The brave Courier has two belts on, this morning: one supporting the purse: another, a mighty good sort of leathern bottle, filled to the throat with the best light Bordeaux wine in the house. He never pays the bill till this bottle is full. Then he disputes it.
He disputes it now, violently. He is still the landlord's brother, but by another father or mother. He is not so nearly related to him as he was last night. The landlord scratches his head. The brave Courier points to certain figures in the bill, and intimates that if they remain there, the Hotel de l'Ecu d'Or is thenceforth and for ever an hotel de l'Ecu de cuivre. The landlord goes into a little counting-house. The brave Courier follows, forces the bill and a pen into his hand, and talks more rapidly than ever. The landlord takes the pen. The Courier smiles. The landlord makes an alteration. The Courier cuts a joke. The landlord is affectionate, but not weakly so. He bears it like a man. He shakes hands with his brave brother, but he don't hug him. Still, he loves his brother; for he knows that he will be returning that way, one of these fine days, with another family, and he foresees that his heart will yearn towards him again. The brave Courier traverses all round the carriage once, looks at the drag, inspects the wheels, jumps up, gives the word, and away we go!
It is market morning. The market is held in the little square outside in front of the cathedral. It is crowded with men and women, in blue, in red, in green, in white; with canvassed stalls; and fluttering merchandise. The country people are grouped about, with their clean baskets before them. Here, the lace-sellers; there, the butter and egg-sellers; there, the fruit-sellers; there, the shoe-makers. The whole place looks as if it were the stage of some great theatre, and the curtain had just run up, for a picturesque ballet. And there is the cathedral to boot: scene- like: all grim, and swarthy, and mouldering, and cold: just splashing the pavement in one place with faint purple drops, as the morning sun, entering by a little window on the eastern side, struggles through some stained glass panes, on the western.
In five minutes we have passed the iron cross, with a little ragged kneeling-place of turf before it, in the outskirts of the town; and are again upon the road.

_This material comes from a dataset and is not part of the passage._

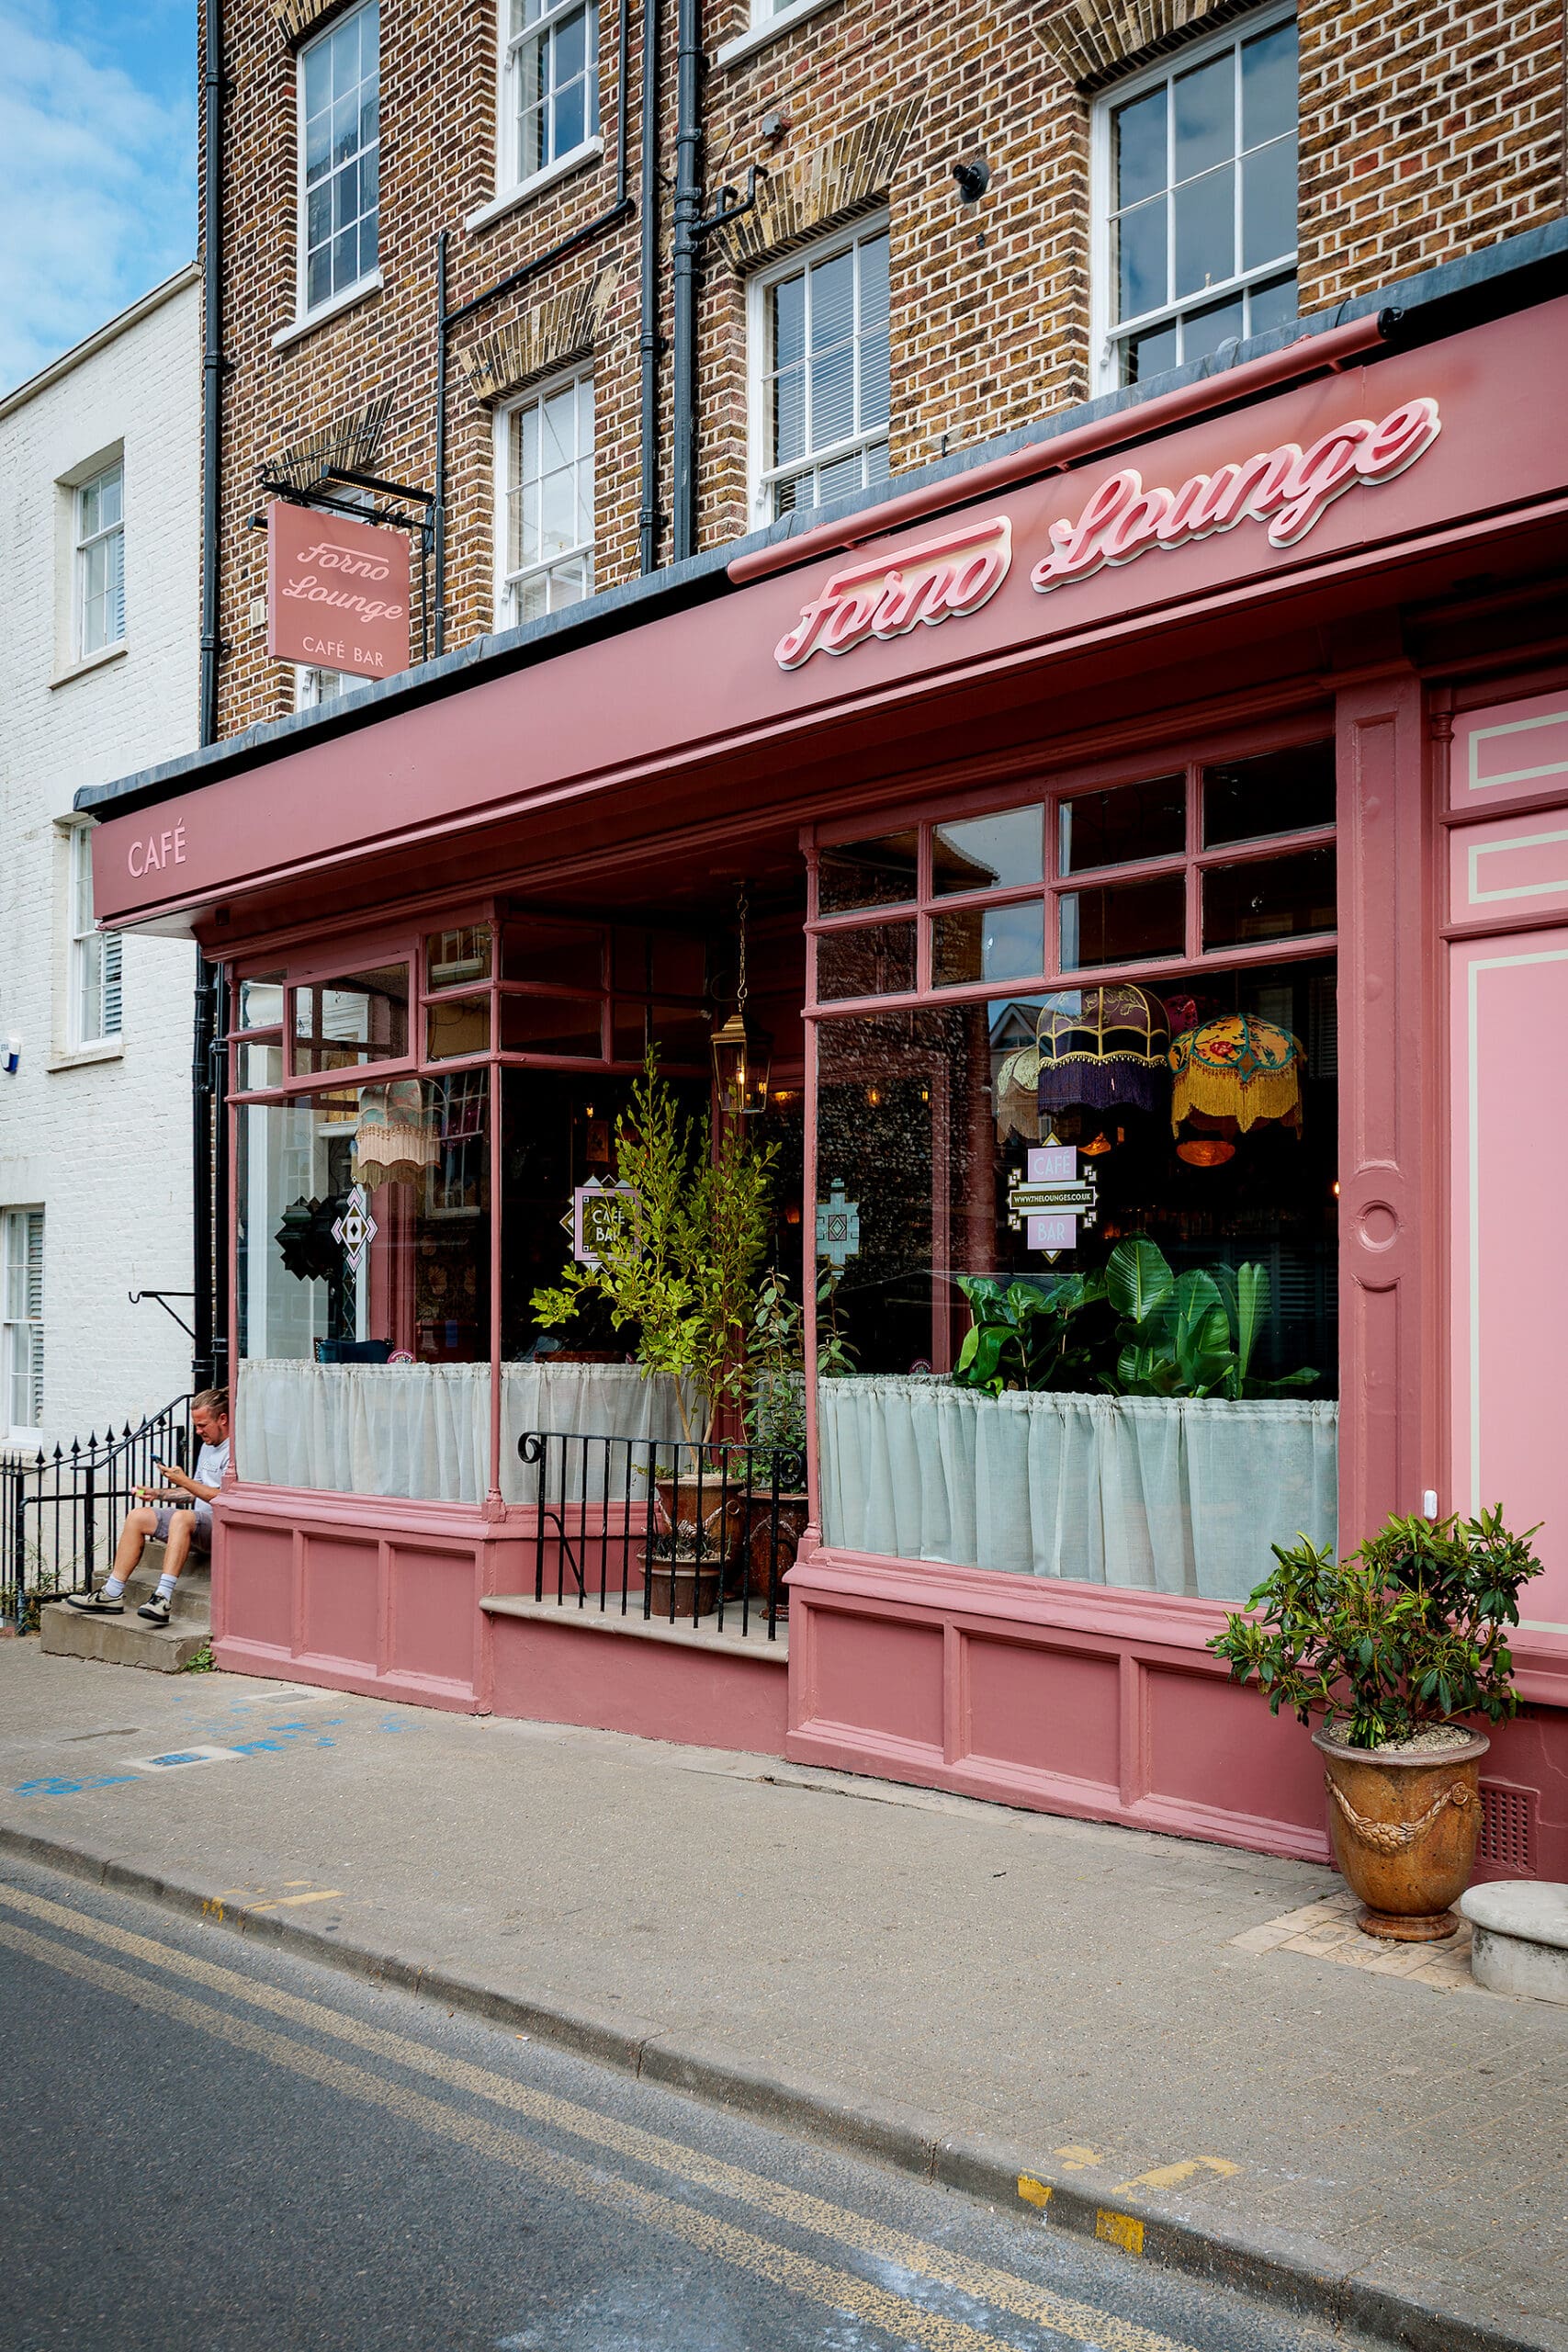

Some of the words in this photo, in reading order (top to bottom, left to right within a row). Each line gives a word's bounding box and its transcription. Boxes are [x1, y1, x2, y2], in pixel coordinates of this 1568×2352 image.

CHAPTER II--LYONS, THE RHONE, AND THE GOBLIN OF AVIGNON
Chalons is a fair resting-place, in right of its good inn on the bank of the river, and the little steamboats, gay with green and red paint, that come and go upon it: which make up a pleasant and refreshing scene, after the dusty roads. But, unless you would like to dwell on an enormous plain, with jagged rows of irregular poplars on it, that look in the distance like so many combs with broken teeth: and unless you would like to pass your life without the possibility of going up-hill, or going up anything but stairs: you would hardly approve of Chalons as a place of residence.
You would probably like it better, however, than Lyons: which you may reach, if you will, in one of the before-mentioned steamboats, in eight hours.